Ross: Living defensively has its limits when facing ‘forever chemicals’
May 23, 2024, 6:33 AM
(Photo by David Pintens, Getty Images)
I heard Angela’s commentary yesterday about pedestrians and how they tend to think of a crosswalk as having a protective force field because the law says it’s the driver’s responsibility to stop.
Angela Poe Russell’s commentary: A PSA all pedestrians need to hear
Her point? The law may well be on your side, but the law won’t hit the brakes if the driver doesn’t see you. There’s a bigger lesson here though. On the football field of life, the key to staying alive is a good defense.

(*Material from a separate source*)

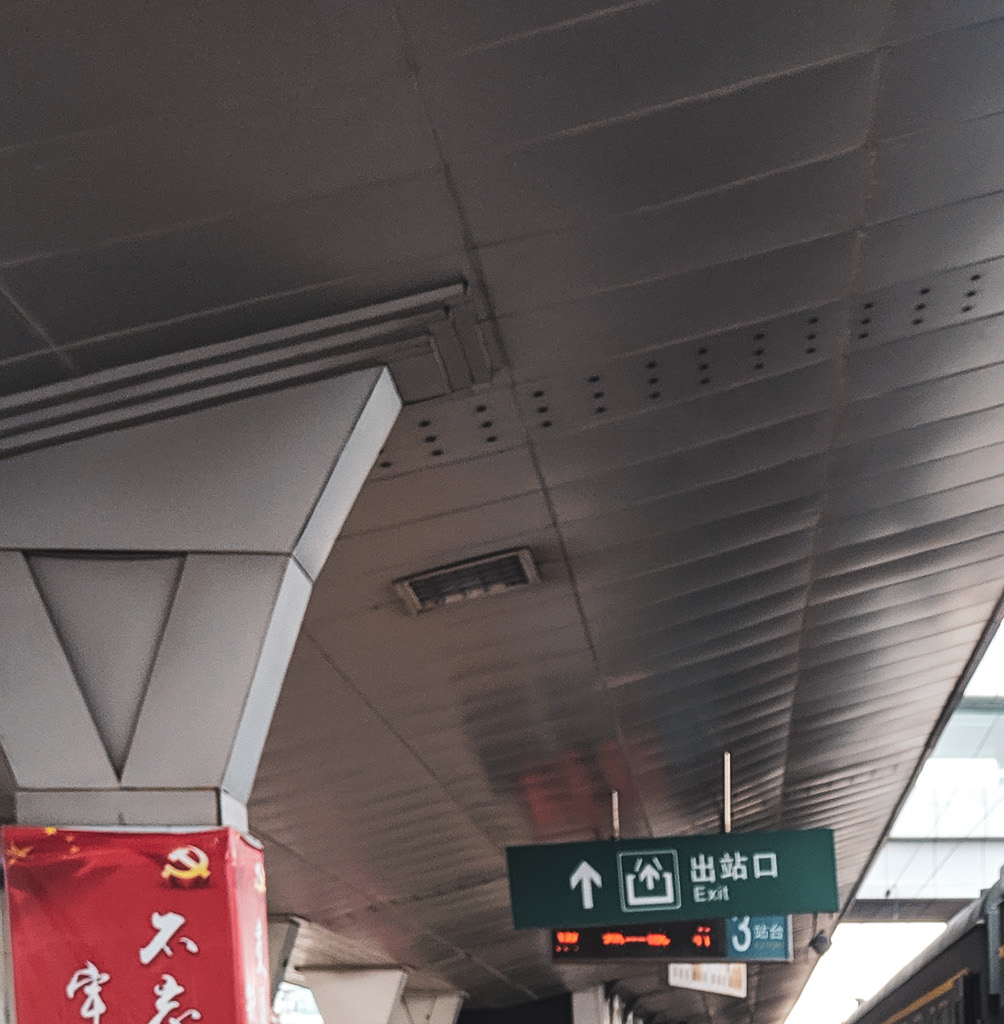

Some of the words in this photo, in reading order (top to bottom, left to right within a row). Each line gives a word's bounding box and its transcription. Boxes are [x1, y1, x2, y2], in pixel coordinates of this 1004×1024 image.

[690, 852, 778, 883] 出站口
[693, 886, 730, 903] Exit
[732, 915, 752, 952] 3
[754, 922, 784, 940] 站台

I know this by instinct because I grew up as the small person who was picked last in gym class. In playground fights, I believe my record is 0-2 … so I have learned to avoid any physical conflict. Therefore, right of way or not, I don’t step into the crosswalk unless the road is empty.
The trouble is that this “live defensively” strategy has its limits – as we heard in today’s interview with Shannon Lerner of ProPublica. Her latest article describes how 3M lost control of its “forever chemicals” to the point that those chemicals show up in the blood not just of its plant workers, but people who’ve never been near a 3M plant.

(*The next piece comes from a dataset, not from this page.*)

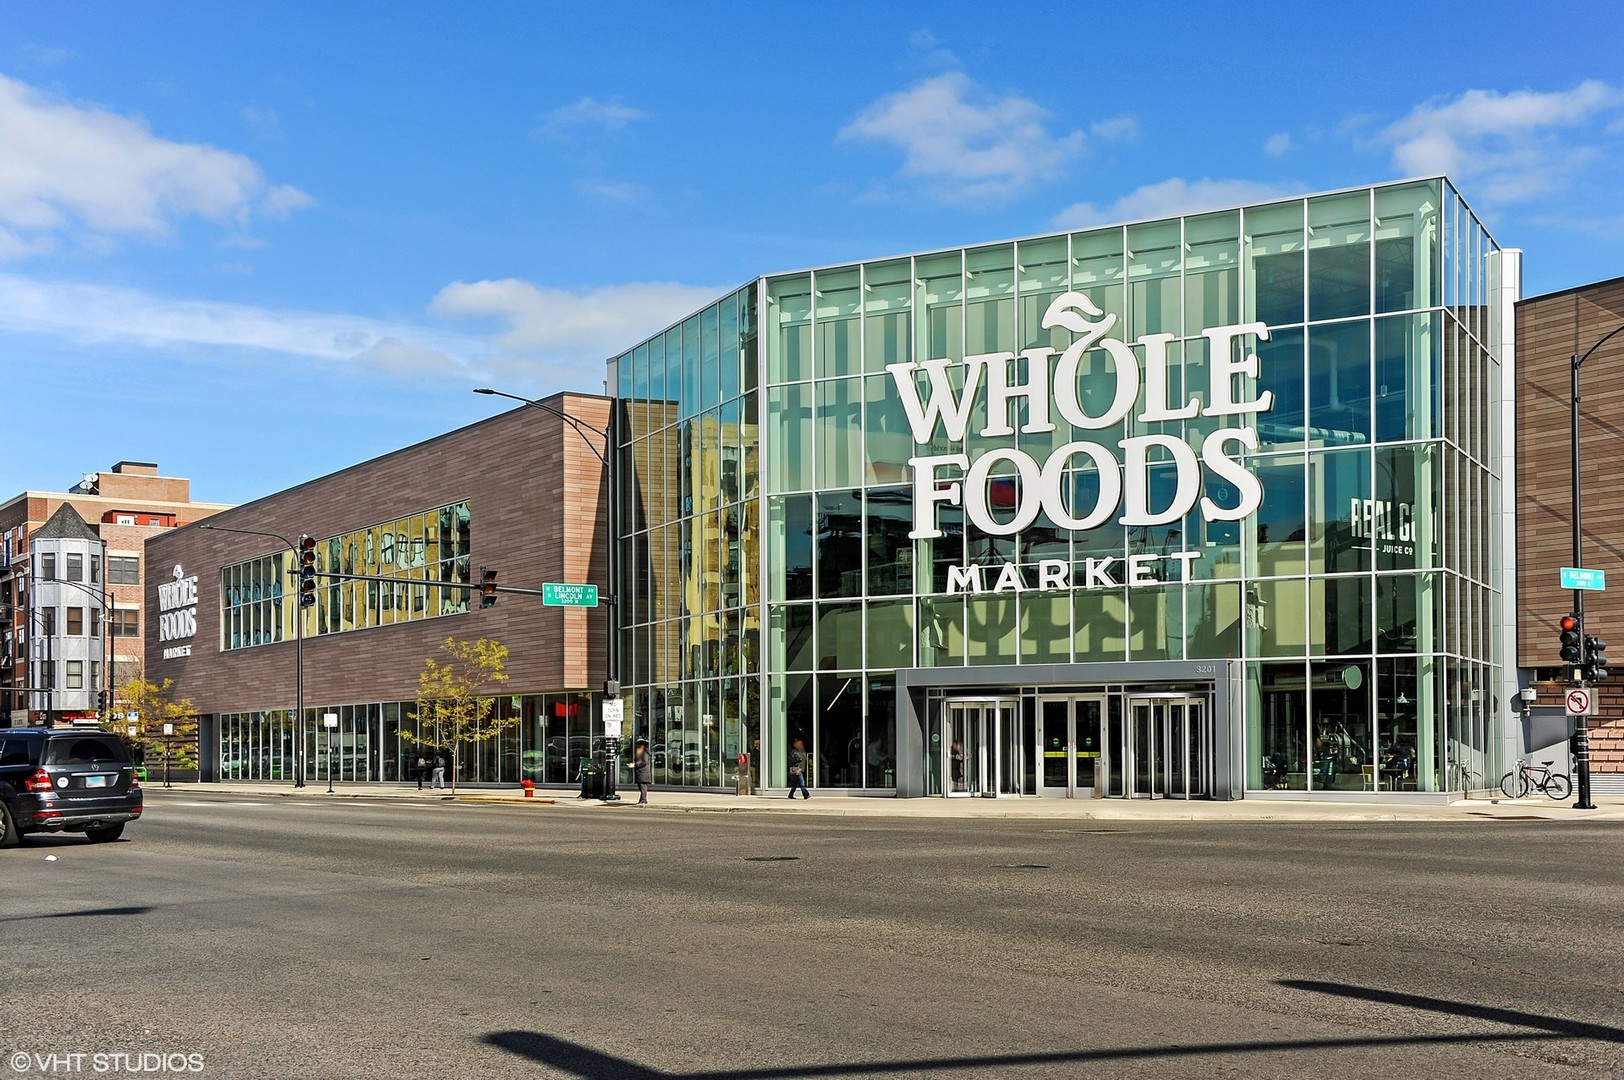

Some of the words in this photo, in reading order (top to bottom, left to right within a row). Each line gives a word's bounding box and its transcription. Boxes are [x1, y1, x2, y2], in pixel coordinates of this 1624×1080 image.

“These chemicals accumulate in your bodies,” Lerner said. “According to the CDC, virtually everyone has some level of a forever chemical — at least one, but probably several — in their blood.”
So we’re not necessarily doomed. But how do you defend against that? A fine? The company’s already paid a fine.
“They were square with the law, but basically it was too late because the chemical seeped out of their products and basically into all of us,” Lerner added.
More from Dave Ross: If you hope the government will save kids from social media, think again
At some point, even my patience runs out and I can no longer play defense. You have to go on offense and say, “I don’t care how great your chemical is, I don’t want it trespassing in my body.” Which is why the 3M employee who saw those blood tests blew the whistle on her company.
Whether it’s giant factories churning out untested chemicals, or the ten thousand pounds of carbon that the average car pumps out of the tailpipe in a year, it’s all like peeing in the pool. Which is why I never open my mouth underwater.
And that’s today’s life lesson: Keep your eyes open in the crosswalk, your mouth closed in the pool and your whistle handy when you go to work.